APOE4 is the strongest genetic risk factor for Alzheimer’s disease (AD). Personalized genotyping products increasingly are enabling individuals to identify whether they are carriers of APOE4 or other genetic risk factors for cognitive impairments. However, we have a limited understanding of how APOE4 increases the risk for cognitive impairments. As a result, there currently are no lifestyle or therapeutic interventions to minimize these known genetic risks. Using patient-derived stem cells, we engineered a human brain tissue in vitro that contains neurons, vasculature, and immune and glial cells.
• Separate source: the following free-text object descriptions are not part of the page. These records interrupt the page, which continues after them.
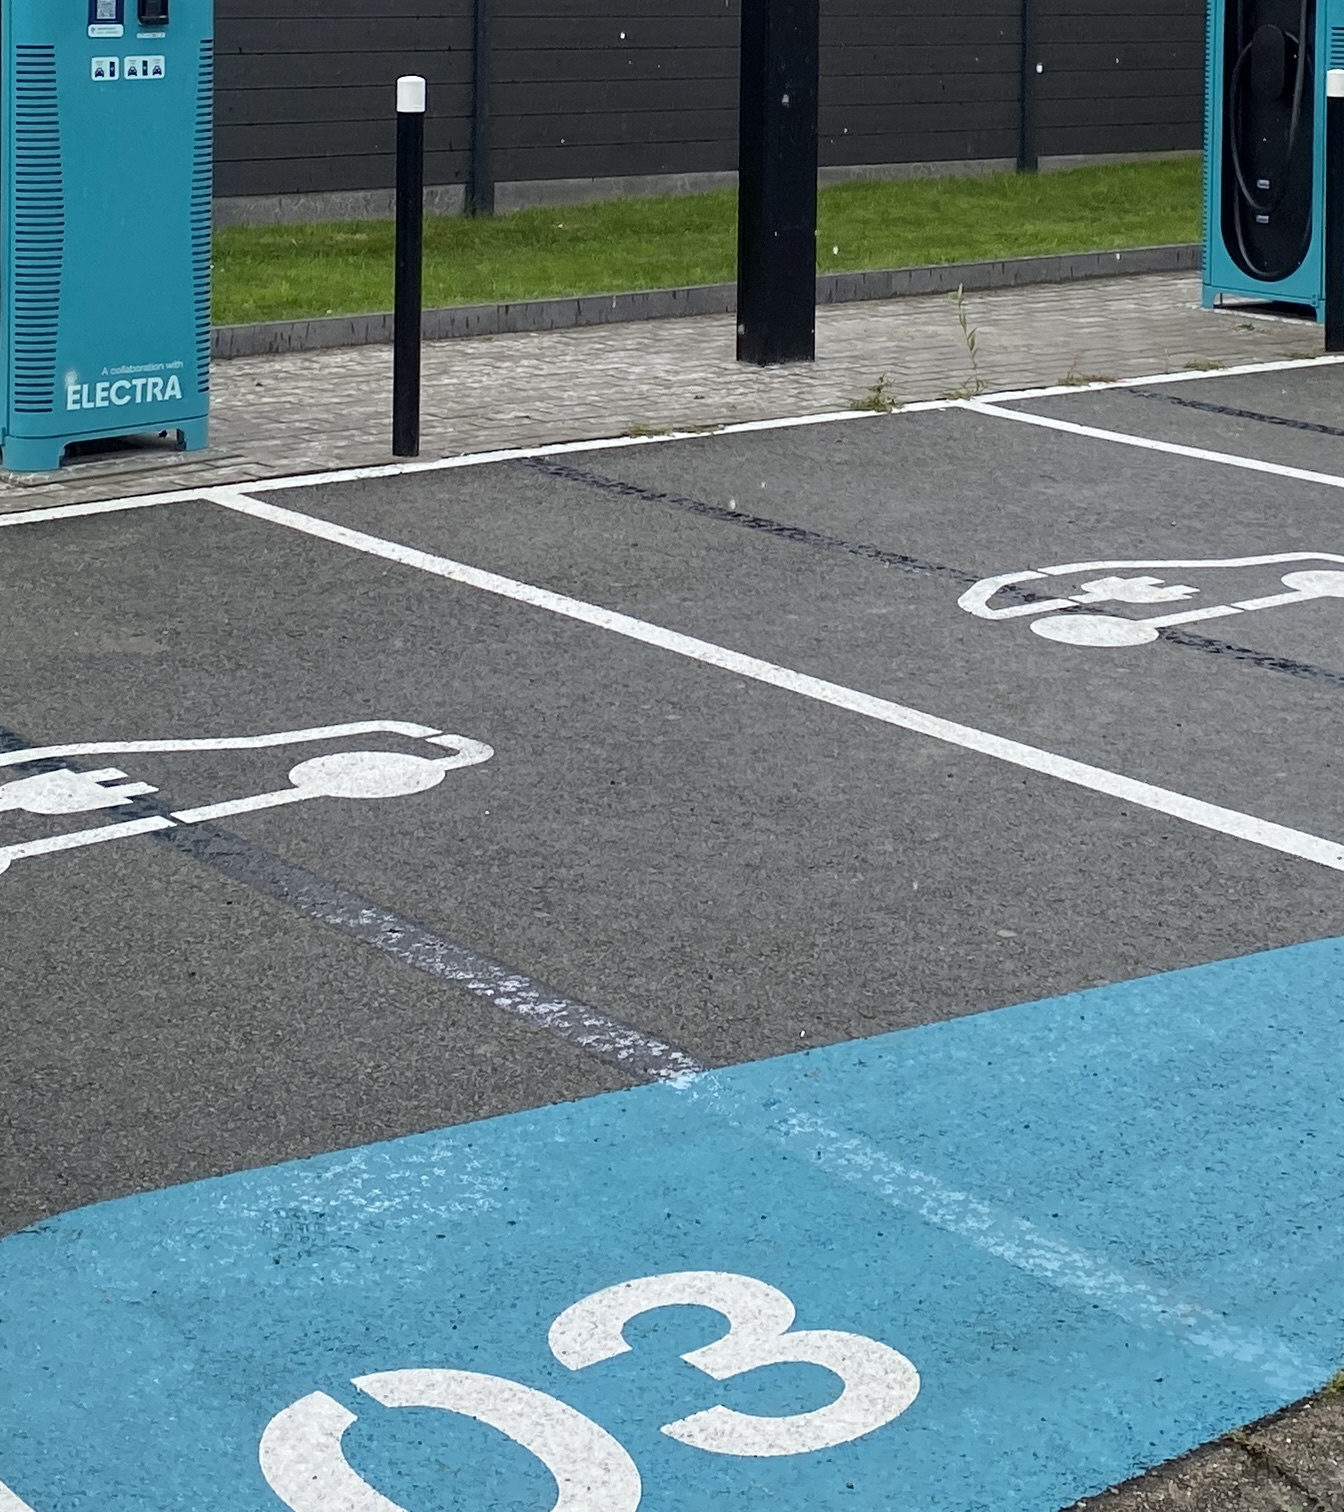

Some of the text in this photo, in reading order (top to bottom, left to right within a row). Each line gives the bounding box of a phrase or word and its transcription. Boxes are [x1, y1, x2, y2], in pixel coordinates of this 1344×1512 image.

[101, 359, 184, 376] A collaboration with
[66, 374, 183, 411] ELECTRA
[259, 1270, 921, 1512] 03
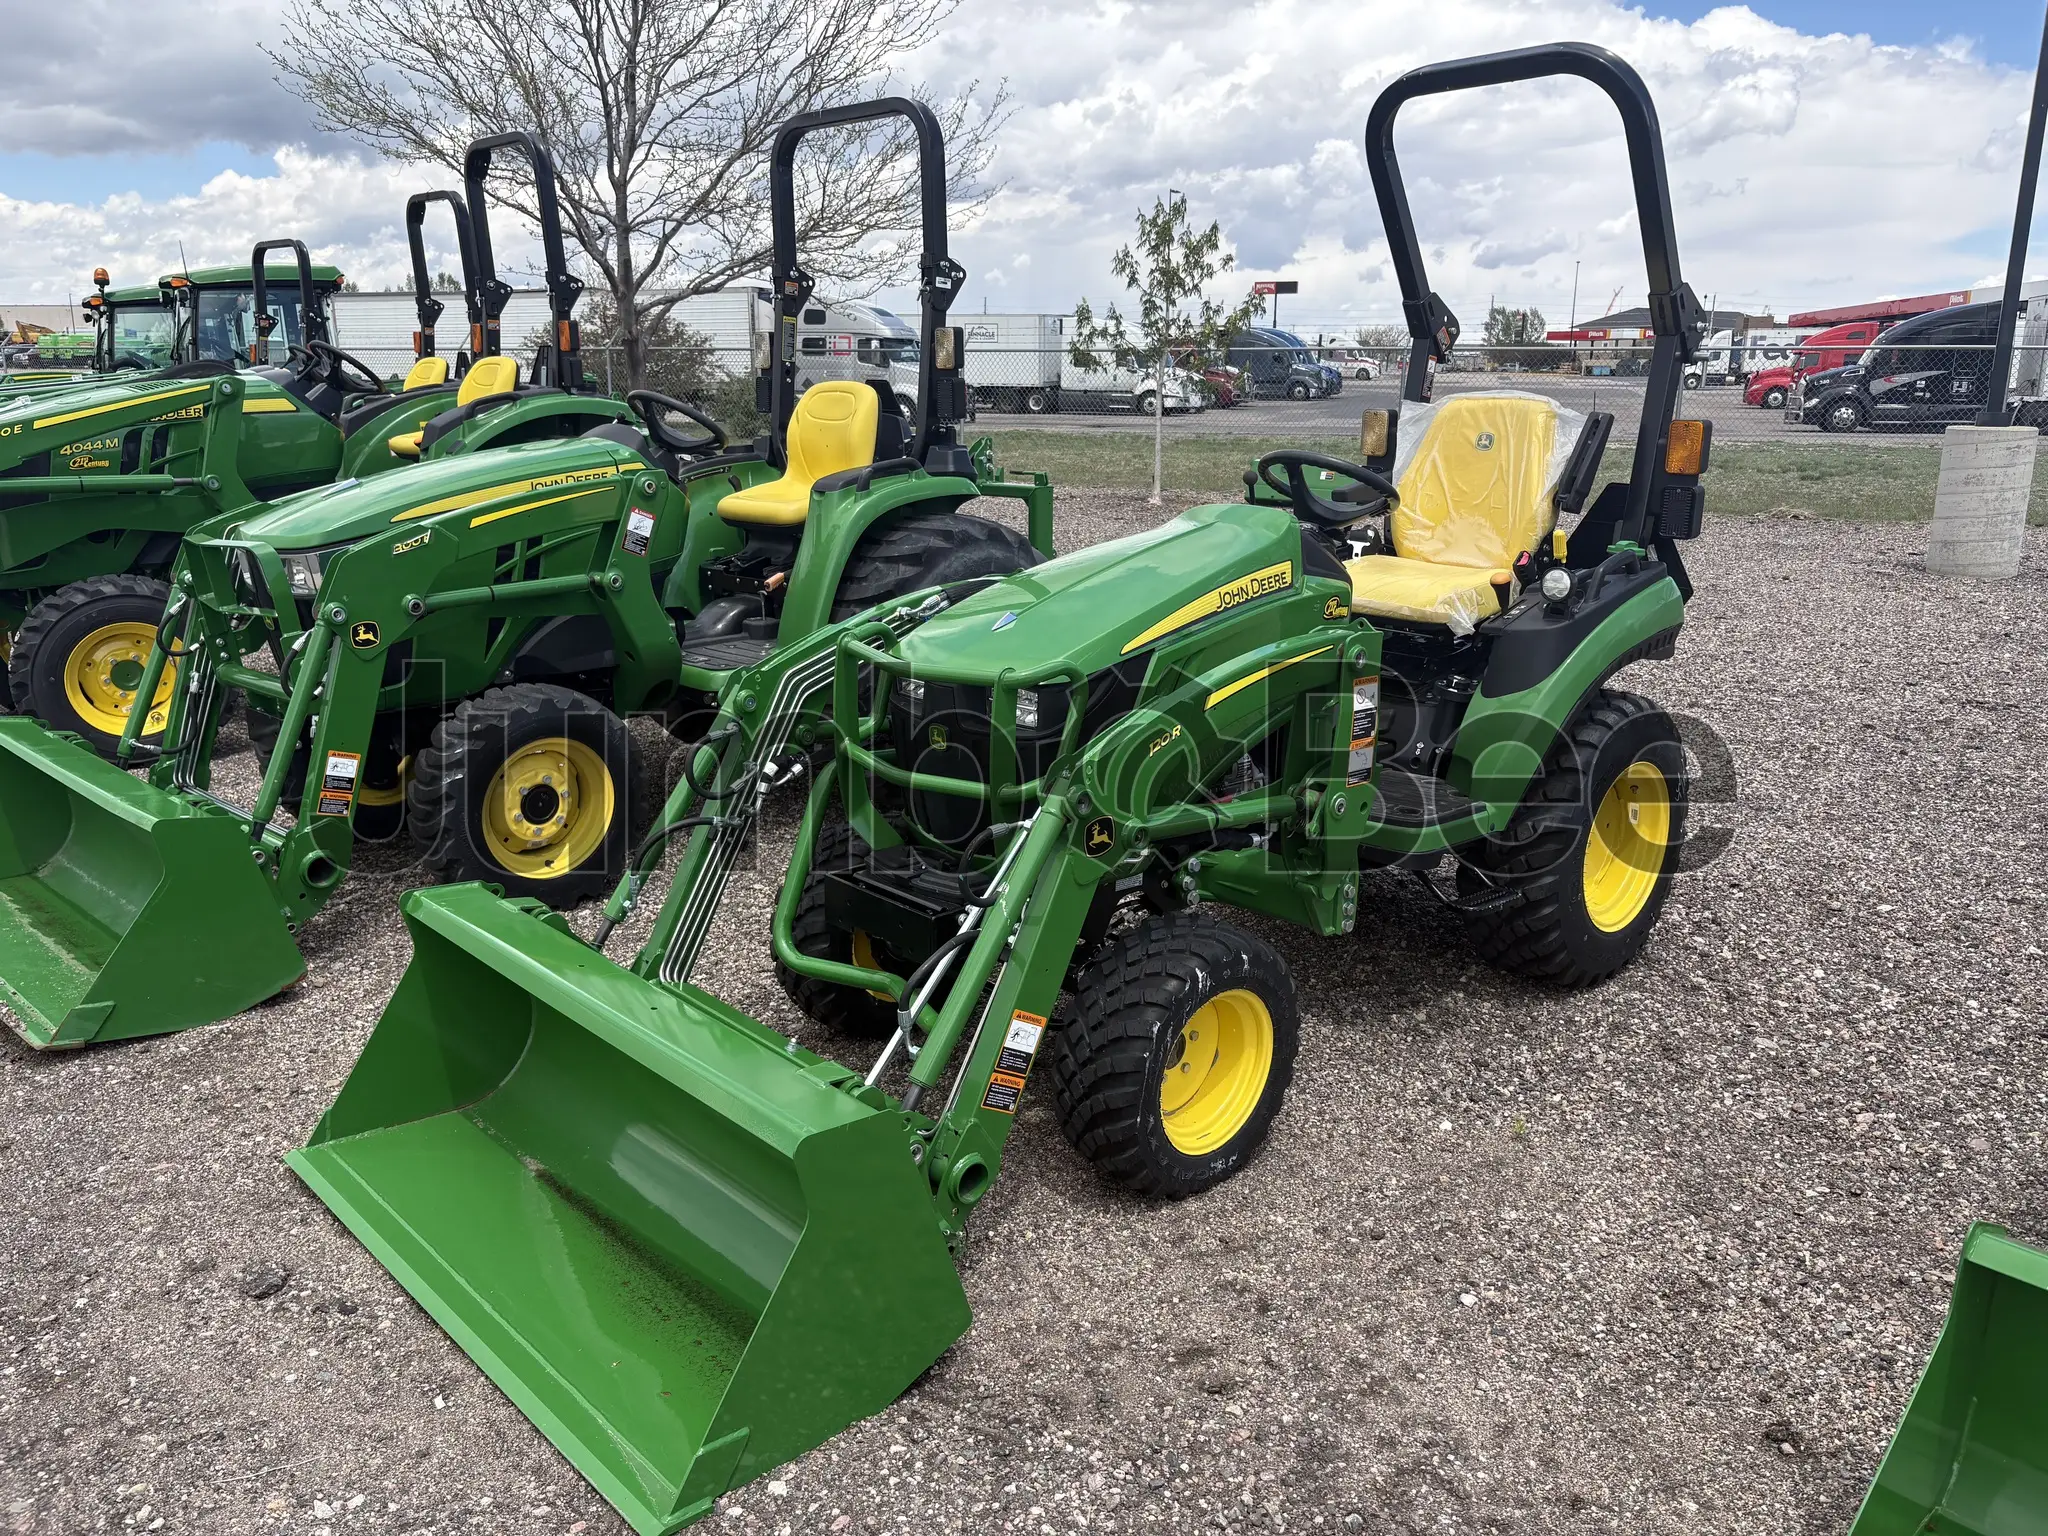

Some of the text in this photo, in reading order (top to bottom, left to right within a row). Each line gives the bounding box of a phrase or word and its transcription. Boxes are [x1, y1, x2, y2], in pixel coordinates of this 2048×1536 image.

[1216, 571, 1289, 611] JOHN DEERE
[1021, 1014, 1042, 1024] WARNING
[999, 1076, 1021, 1087] WARNING
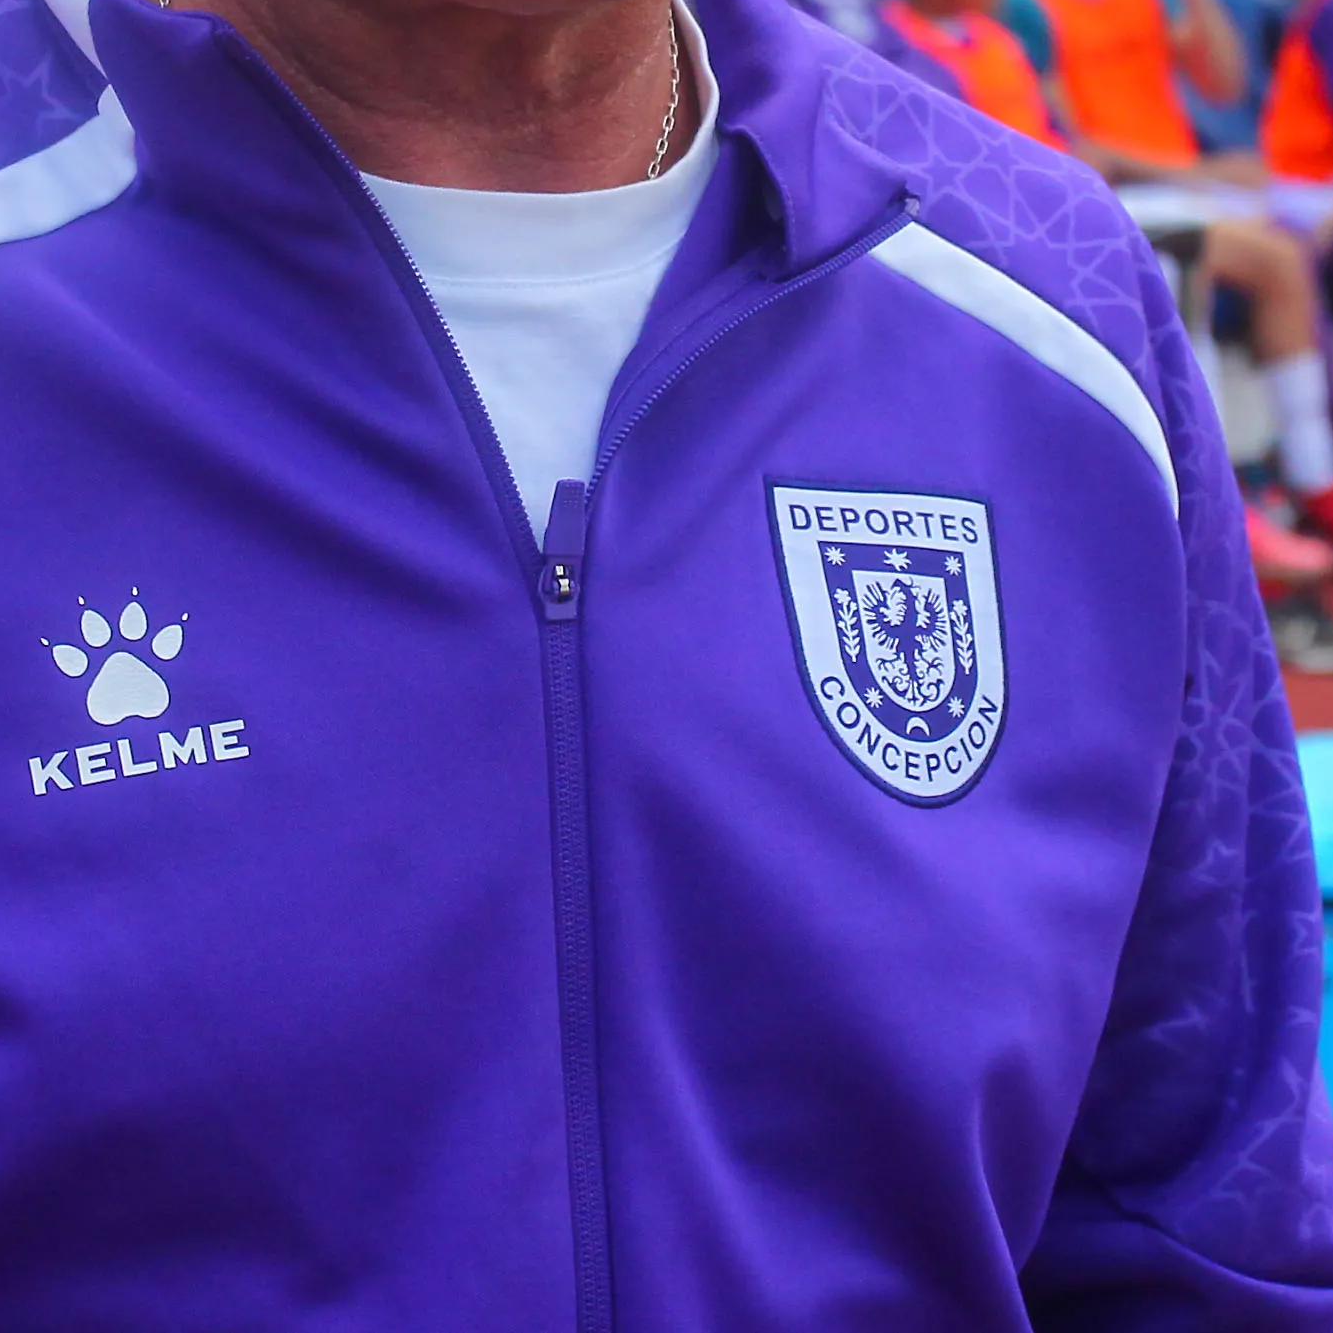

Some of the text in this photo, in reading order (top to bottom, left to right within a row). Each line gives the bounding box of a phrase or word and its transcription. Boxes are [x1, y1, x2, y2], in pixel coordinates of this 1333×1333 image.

This multicellular integrated brain (miBrain) recapitulates key anatomical and physiological aspects of human brain tissue in a dish. Combining this technology with CRISPR genome editing, we generate genetically identical sets of human brain tissue that differ only by APOE genotype. This enables us to replay the biological events of AD in a controlled laboratory setting to determine precisely how APOE4 influences the development of tau pathology. We have optimized methods for inducing tau. Our studies found that APOE4 astrocytes are necessary and sufficient to increase pathological phenotypes of tau in the miBrain. Focusing on astrocytes, we found that in APOE4 astrocytes, lysosomal function is impaired and correlates with increased cholesterol accumulation. Here, we will further investigate the mechanistic connection between APOE genotype, cholesterol and lysosomal function in risk for and resilience to AD. We also will perform small molecule screens to identify novel therapeutic opportunities.